Everything in the entries below must be output exactly, apart from the pictures.
---
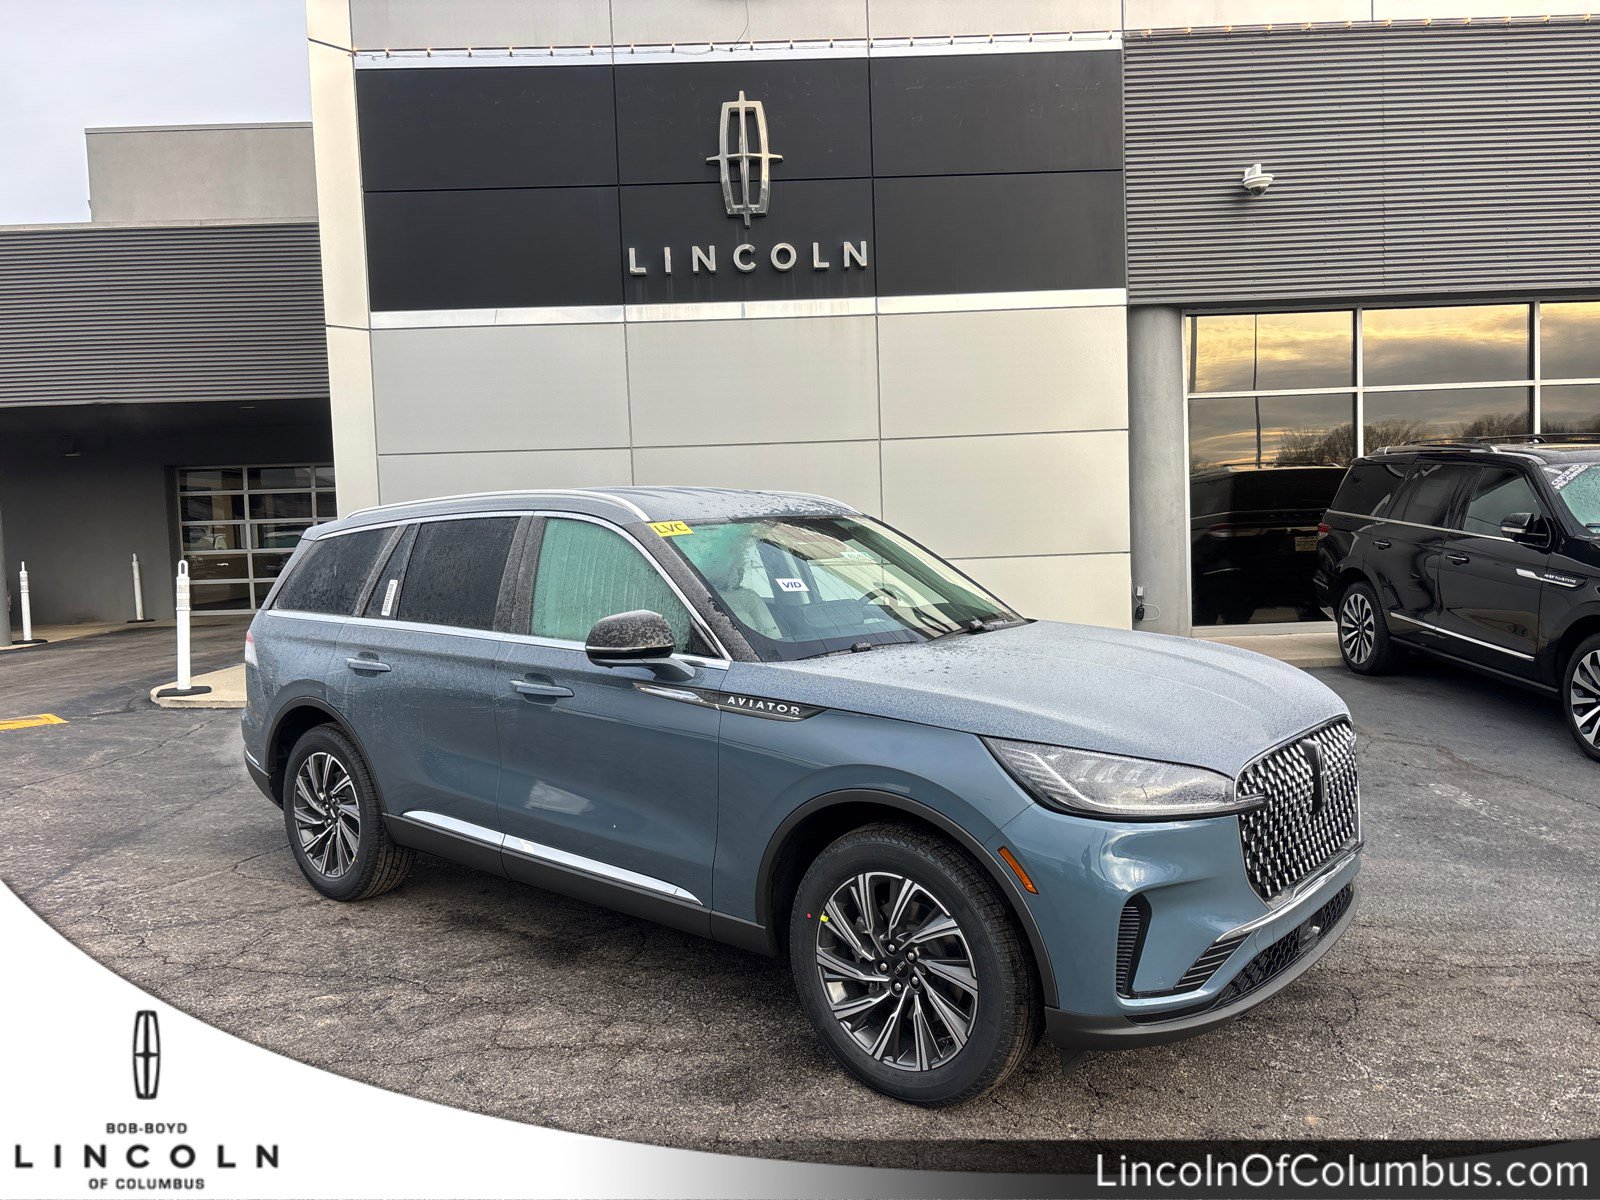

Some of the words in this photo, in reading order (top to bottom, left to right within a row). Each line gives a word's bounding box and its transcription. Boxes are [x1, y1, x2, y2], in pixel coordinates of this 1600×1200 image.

[628, 240, 868, 276] LINCOLN
[653, 523, 688, 534] LVC
[781, 580, 803, 589] VID
[726, 696, 800, 716] AVIATOR
---
> **SOLUTION TO THIS EXERCISE**
Some of the words in this photo, in reading order (top to bottom, left to right within a row). Each line gives a word's bounding box and its transcription. Boxes are [x1, y1, x2, y2], in pixel coordinates of this 1600×1200 image.

[628, 240, 868, 276] LINCOLN
[653, 523, 688, 534] LVC
[781, 580, 803, 589] VID
[726, 696, 800, 716] AVIATOR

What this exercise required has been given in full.